[The data Boundary: Start]

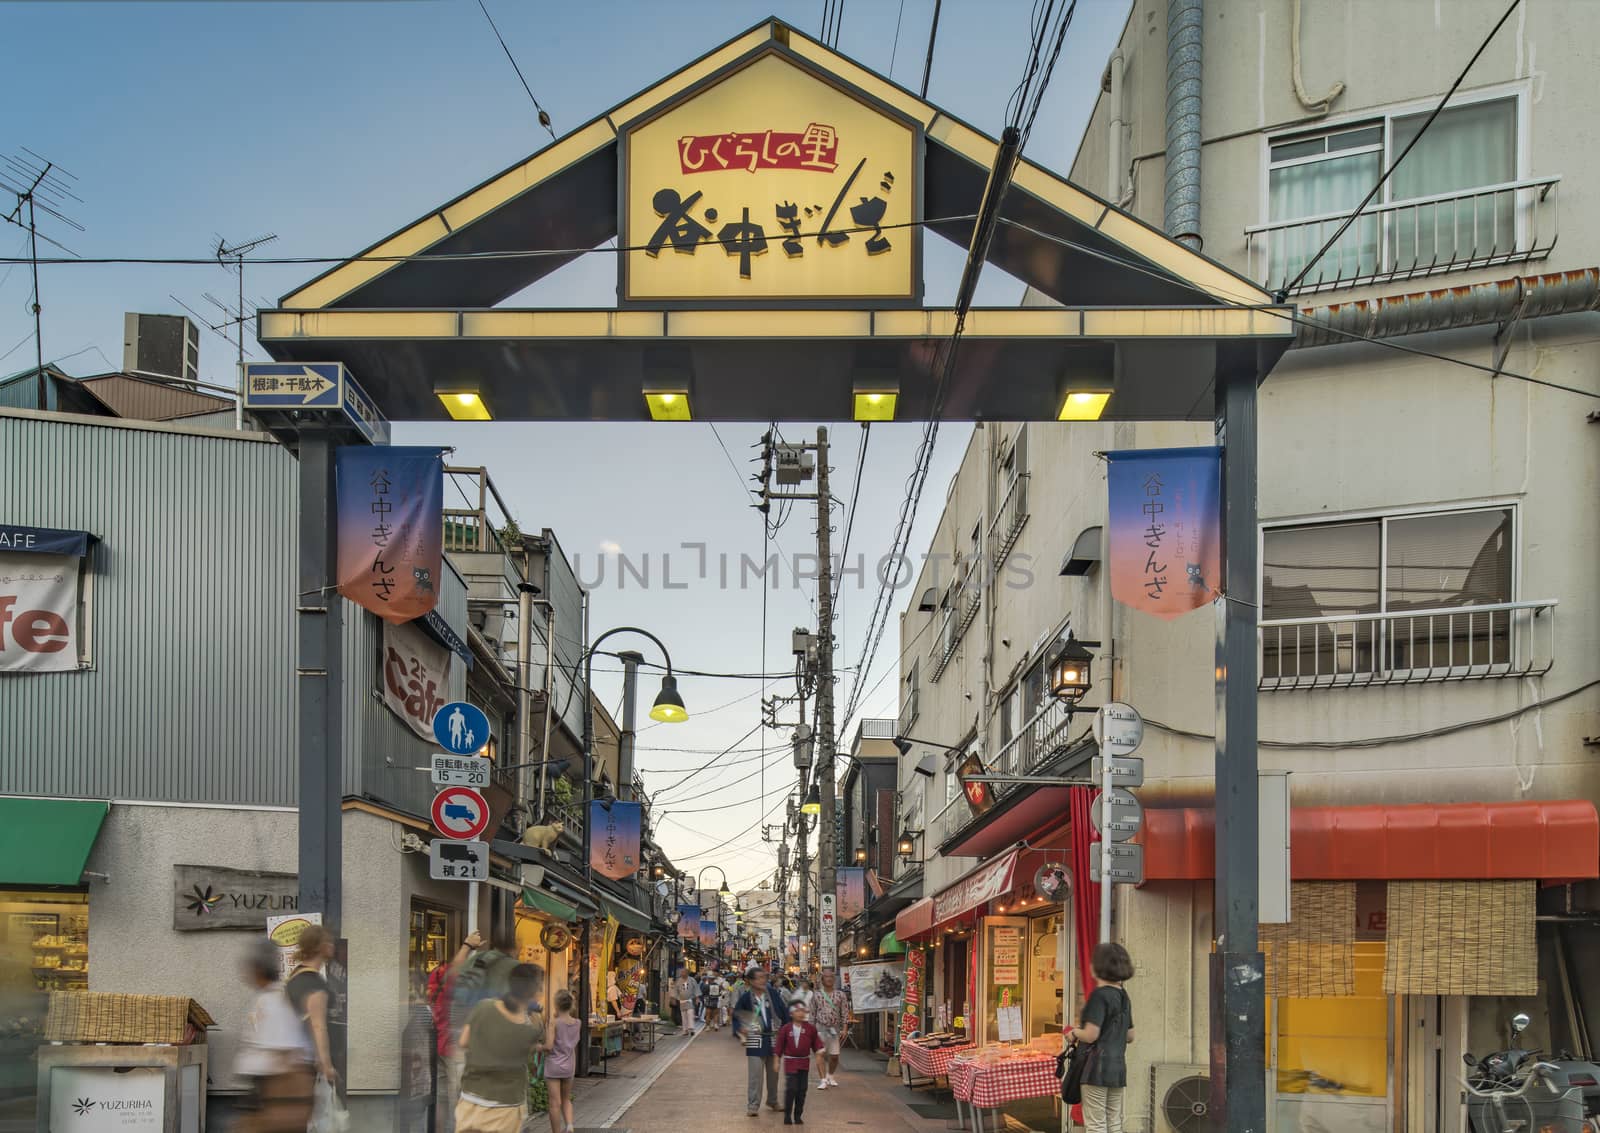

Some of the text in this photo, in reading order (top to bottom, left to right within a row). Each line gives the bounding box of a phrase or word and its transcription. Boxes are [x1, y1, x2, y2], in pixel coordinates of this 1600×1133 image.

[680, 123, 839, 172] ひぐらしの里
[645, 157, 895, 280] 谷中ぎんざ
[252, 377, 325, 392] 根津・千駄木
[369, 469, 396, 602] 谷中ぎんざ
[1142, 473, 1168, 600] 谷中ぎんざ
[411, 656, 427, 683] 2F
[434, 757, 487, 772] 自転車を除く
[438, 770, 449, 781] 15
[468, 773, 483, 784] 20
[230, 893, 299, 910] YUZURI
[100, 1099, 152, 1111] YUZURIHA

[The data Boundary: End]

> [Exercise]: Generate a word-for-word copy of the preceding records, excluding all pictures.

> [Result of this exercise]:
Some of the text in this photo, in reading order (top to bottom, left to right within a row). Each line gives the bounding box of a phrase or word and its transcription. Boxes are [x1, y1, x2, y2], in pixel coordinates of this 1600×1133 image.

[680, 123, 839, 172] ひぐらしの里
[645, 157, 895, 280] 谷中ぎんざ
[252, 377, 325, 392] 根津・千駄木
[369, 469, 396, 602] 谷中ぎんざ
[1142, 473, 1168, 600] 谷中ぎんざ
[411, 656, 427, 683] 2F
[434, 757, 487, 772] 自転車を除く
[438, 770, 449, 781] 15
[468, 773, 483, 784] 20
[230, 893, 299, 910] YUZURI
[100, 1099, 152, 1111] YUZURIHA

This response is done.